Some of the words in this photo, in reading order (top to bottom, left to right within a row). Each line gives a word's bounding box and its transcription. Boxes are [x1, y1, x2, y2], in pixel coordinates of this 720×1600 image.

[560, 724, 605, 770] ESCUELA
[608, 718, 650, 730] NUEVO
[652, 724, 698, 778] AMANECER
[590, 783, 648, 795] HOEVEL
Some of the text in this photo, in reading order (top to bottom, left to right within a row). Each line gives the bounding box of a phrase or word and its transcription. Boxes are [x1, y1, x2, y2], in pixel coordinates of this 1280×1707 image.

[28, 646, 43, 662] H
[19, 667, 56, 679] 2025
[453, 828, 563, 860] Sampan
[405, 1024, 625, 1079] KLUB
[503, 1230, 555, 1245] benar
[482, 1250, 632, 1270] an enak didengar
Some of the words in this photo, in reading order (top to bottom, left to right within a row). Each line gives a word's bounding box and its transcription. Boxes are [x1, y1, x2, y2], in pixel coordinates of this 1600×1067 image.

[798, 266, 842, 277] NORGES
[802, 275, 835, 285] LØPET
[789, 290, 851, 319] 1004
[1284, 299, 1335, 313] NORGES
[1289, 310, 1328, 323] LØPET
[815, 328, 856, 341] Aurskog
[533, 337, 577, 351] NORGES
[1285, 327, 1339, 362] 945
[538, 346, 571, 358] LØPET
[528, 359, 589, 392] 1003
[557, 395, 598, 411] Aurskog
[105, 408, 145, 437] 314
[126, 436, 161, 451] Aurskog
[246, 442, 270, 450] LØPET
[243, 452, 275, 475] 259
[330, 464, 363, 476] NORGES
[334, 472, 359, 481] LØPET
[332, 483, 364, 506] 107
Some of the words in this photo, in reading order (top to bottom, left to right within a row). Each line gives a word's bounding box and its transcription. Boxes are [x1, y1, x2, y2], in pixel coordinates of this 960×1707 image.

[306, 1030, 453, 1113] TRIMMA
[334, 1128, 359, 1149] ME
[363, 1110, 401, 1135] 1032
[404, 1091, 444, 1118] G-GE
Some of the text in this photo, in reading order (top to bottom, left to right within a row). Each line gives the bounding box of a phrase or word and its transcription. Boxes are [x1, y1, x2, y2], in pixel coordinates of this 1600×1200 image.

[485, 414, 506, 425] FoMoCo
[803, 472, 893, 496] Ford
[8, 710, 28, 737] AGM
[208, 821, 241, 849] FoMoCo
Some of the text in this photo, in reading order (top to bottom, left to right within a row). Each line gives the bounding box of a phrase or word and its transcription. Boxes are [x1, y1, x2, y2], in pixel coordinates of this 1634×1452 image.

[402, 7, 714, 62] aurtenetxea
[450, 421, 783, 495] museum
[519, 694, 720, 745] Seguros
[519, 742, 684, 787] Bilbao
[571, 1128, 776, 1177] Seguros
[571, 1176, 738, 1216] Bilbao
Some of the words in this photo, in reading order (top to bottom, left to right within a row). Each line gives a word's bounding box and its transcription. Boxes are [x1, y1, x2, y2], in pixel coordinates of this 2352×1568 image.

_____

TASK DETAILS → Exactly as given, repeat every record above.

TASK SOLUTION →
Some of the words in this photo, in reading order (top to bottom, left to right within a row). Each line gives a word's bounding box and its transcription. Boxes are [x1, y1, x2, y2], in pixel coordinates of this 720×1600 image.

[560, 724, 605, 770] ESCUELA
[608, 718, 650, 730] NUEVO
[652, 724, 698, 778] AMANECER
[590, 783, 648, 795] HOEVEL
Some of the text in this photo, in reading order (top to bottom, left to right within a row). Each line gives the bounding box of a phrase or word and its transcription. Boxes are [x1, y1, x2, y2], in pixel coordinates of this 1280×1707 image.

[28, 646, 43, 662] H
[19, 667, 56, 679] 2025
[453, 828, 563, 860] Sampan
[405, 1024, 625, 1079] KLUB
[503, 1230, 555, 1245] benar
[482, 1250, 632, 1270] an enak didengar
Some of the words in this photo, in reading order (top to bottom, left to right within a row). Each line gives a word's bounding box and its transcription. Boxes are [x1, y1, x2, y2], in pixel coordinates of this 1600×1067 image.

[798, 266, 842, 277] NORGES
[802, 275, 835, 285] LØPET
[789, 290, 851, 319] 1004
[1284, 299, 1335, 313] NORGES
[1289, 310, 1328, 323] LØPET
[815, 328, 856, 341] Aurskog
[533, 337, 577, 351] NORGES
[1285, 327, 1339, 362] 945
[538, 346, 571, 358] LØPET
[528, 359, 589, 392] 1003
[557, 395, 598, 411] Aurskog
[105, 408, 145, 437] 314
[126, 436, 161, 451] Aurskog
[246, 442, 270, 450] LØPET
[243, 452, 275, 475] 259
[330, 464, 363, 476] NORGES
[334, 472, 359, 481] LØPET
[332, 483, 364, 506] 107
Some of the words in this photo, in reading order (top to bottom, left to right within a row). Each line gives a word's bounding box and its transcription. Boxes are [x1, y1, x2, y2], in pixel coordinates of this 960×1707 image.

[306, 1030, 453, 1113] TRIMMA
[334, 1128, 359, 1149] ME
[363, 1110, 401, 1135] 1032
[404, 1091, 444, 1118] G-GE
Some of the text in this photo, in reading order (top to bottom, left to right within a row). Each line gives the bounding box of a phrase or word and its transcription. Boxes are [x1, y1, x2, y2], in pixel coordinates of this 1600×1200 image.

[485, 414, 506, 425] FoMoCo
[803, 472, 893, 496] Ford
[8, 710, 28, 737] AGM
[208, 821, 241, 849] FoMoCo
Some of the text in this photo, in reading order (top to bottom, left to right within a row). Each line gives the bounding box of a phrase or word and its transcription. Boxes are [x1, y1, x2, y2], in pixel coordinates of this 1634×1452 image.

[402, 7, 714, 62] aurtenetxea
[450, 421, 783, 495] museum
[519, 694, 720, 745] Seguros
[519, 742, 684, 787] Bilbao
[571, 1128, 776, 1177] Seguros
[571, 1176, 738, 1216] Bilbao
Some of the words in this photo, in reading order (top to bottom, left to right within a row). Each line gives a word's bounding box and its transcription. Boxes are [x1, y1, x2, y2], in pixel coordinates of this 2352×1568 image.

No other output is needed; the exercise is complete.